La sconfitta di queste Elezioni Provinciali, ricorda l'esponente dell'Idv nella sua analisi, è l'ultima di una serie che ha riguadato la Regione, le altre Province, i Comuni di Teramo, di Pescara, di Chieti e di tanti altri Comuni minori.
«La verità», sostiene DE Santis, «è che il centrosinistra non ha ben governato, quando è stato chiamato dai cittadini al Governo Nazionale, Regionale e Locale, salvo eccezioni. Non ha avuto il coraggio delle decisioni e della chiarezza delle posizioni. Ha pensato alla gestione ordinaria, all'occupazione di spazi di potere senza dare segnali di reale cambiamento e di concreto riformismo, quando non è incappato in vicende poco nobili di cattiva politica».
L'esponente dell'Idv richiama alla memoria anche i casi Del Turco e D'Alfonso che avrebbero portato «la fine della diversità morale ed amministrativa che era un vanto di una certa sinistra rappresentata dal Pd...e gli elettori non dimenticano : o cambiano schieramento o non vanno a votare».

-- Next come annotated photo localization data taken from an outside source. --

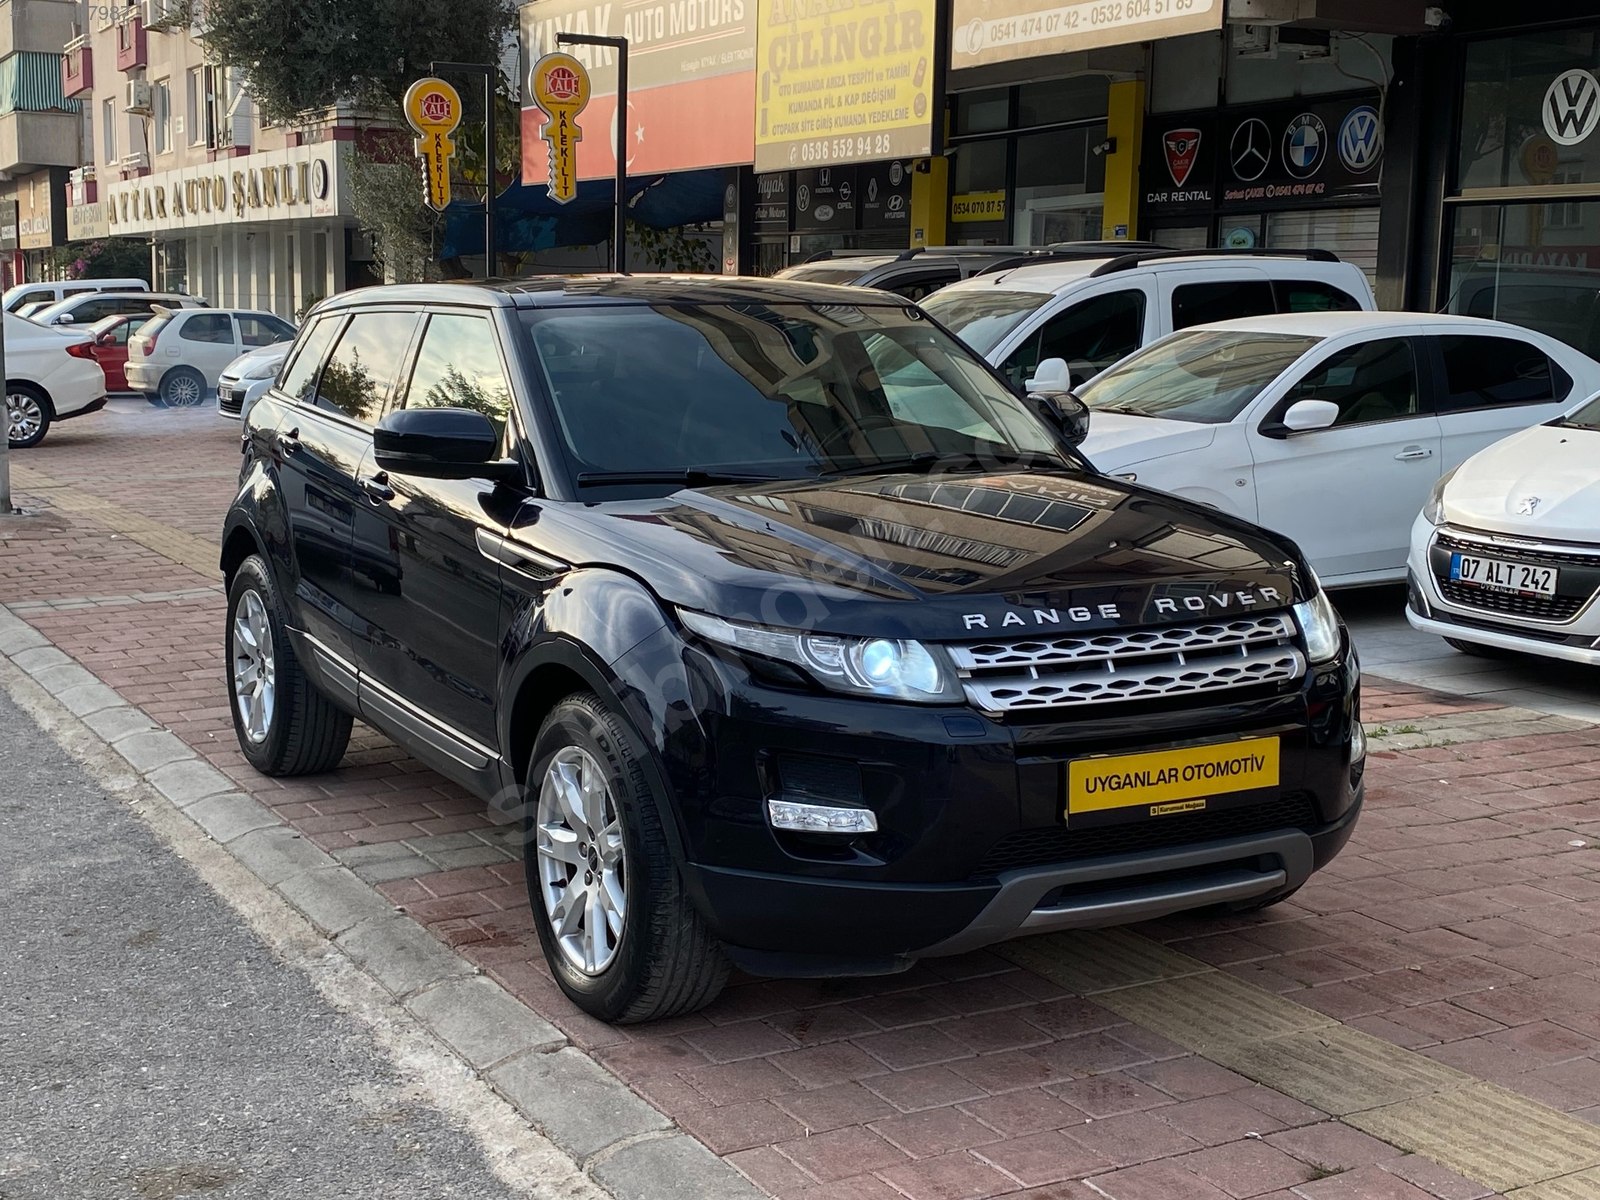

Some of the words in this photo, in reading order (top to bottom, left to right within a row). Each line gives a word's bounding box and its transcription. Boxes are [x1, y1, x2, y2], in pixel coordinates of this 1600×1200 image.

[528, 3, 613, 70] KIYAK
[622, 8, 663, 46] AUTO
[670, 0, 745, 37] MOTORS
[990, 23, 1017, 42] 0541
[1021, 18, 1042, 37] 474
[1046, 14, 1060, 33] 07
[1063, 11, 1079, 29] 42
[1091, 5, 1123, 25] 0532
[1126, 0, 1151, 19] 604
[1155, 0, 1170, 14] 51
[768, 2, 925, 83] ÇİLİNGİR
[545, 76, 579, 95] KALE
[778, 83, 792, 97] OTO
[793, 78, 825, 94] KUMANDA
[826, 74, 846, 89] ARIZA
[848, 68, 875, 86] TESPİTİ
[876, 71, 885, 81] ve
[886, 62, 912, 80] TAMİRİ
[421, 101, 452, 118] KALE
[788, 98, 823, 115] KUMANDA
[824, 93, 836, 110] PİL
[837, 95, 843, 107] &
[844, 91, 860, 106] KAP
[861, 84, 897, 105] DEĞİŞİMİ
[772, 121, 800, 137] OTOPARK
[801, 118, 815, 132] SİTE
[815, 116, 833, 133] GİRİŞ
[834, 112, 867, 128] KUMANDA
[868, 107, 910, 124] YEDEKLEME
[801, 140, 829, 162] 0536
[832, 137, 854, 159] 552
[857, 135, 872, 156] 94
[875, 133, 891, 154] 28
[109, 185, 167, 225] AYTAR
[172, 174, 226, 218] AUTO
[232, 160, 310, 218] ŞANLI
[837, 201, 853, 210] OPEL
[953, 201, 970, 215] 0534
[971, 201, 985, 214] 070
[986, 200, 996, 213] 87
[997, 200, 1006, 212] 57
[1147, 192, 1168, 203] CAR
[1171, 190, 1211, 202] RENTAL
[1461, 558, 1481, 580] 07
[1485, 561, 1516, 586] ALT
[1520, 567, 1550, 592] 242
[963, 604, 1121, 630] RANGE
[1154, 586, 1282, 614] ROVER
[1085, 766, 1179, 794] UYGANLAR
[1181, 754, 1266, 781] OTOMOTİV

E sulla sconfitta della Provincia dell'Aquila, dove anche la super corazza Pezzopane non ha retto?
«Ci sono specifiche e locali», sostiene De Santis, «unite al forte condizionamento della presenza di Berlusconi nell'emergenza post terremoto. Il ruolo ed il lavoro appassionato di Pezzopane, insieme alla sua forte visibilità mediatica, non sono stati sufficienti ad arginare il vento berlusconiano che ha spinto il PdL a vincere senza mai parlare di idee e di progetti per la ricostruzione o di proposte per un diversa attività amministrativa. Una donna sola al comando non basta.  Se assessori per 6 anni non si candidano e quelli che si candidano non ricevono consensi, allora c'è un problema che rimanda alla  credibilità degli assessori  stessi ed al lavoro prodotto della Giunta provinciale sul territorio, visto anche il risultato della Marsica e della Valle Peligna».
Per l'esponente dell'Idv anche i partiti hanno le loro colpe ed avrebbero presentato liste «che non sempre sono state di peso e di qualità. Ma neanche è corretto chiamarli in causa solo quando si perde».
 «Da domani», chiude De Santis, «deve cambiare pagina. Si apre una nuova stagione politica, che richiede facce nuove e metodi nuovi».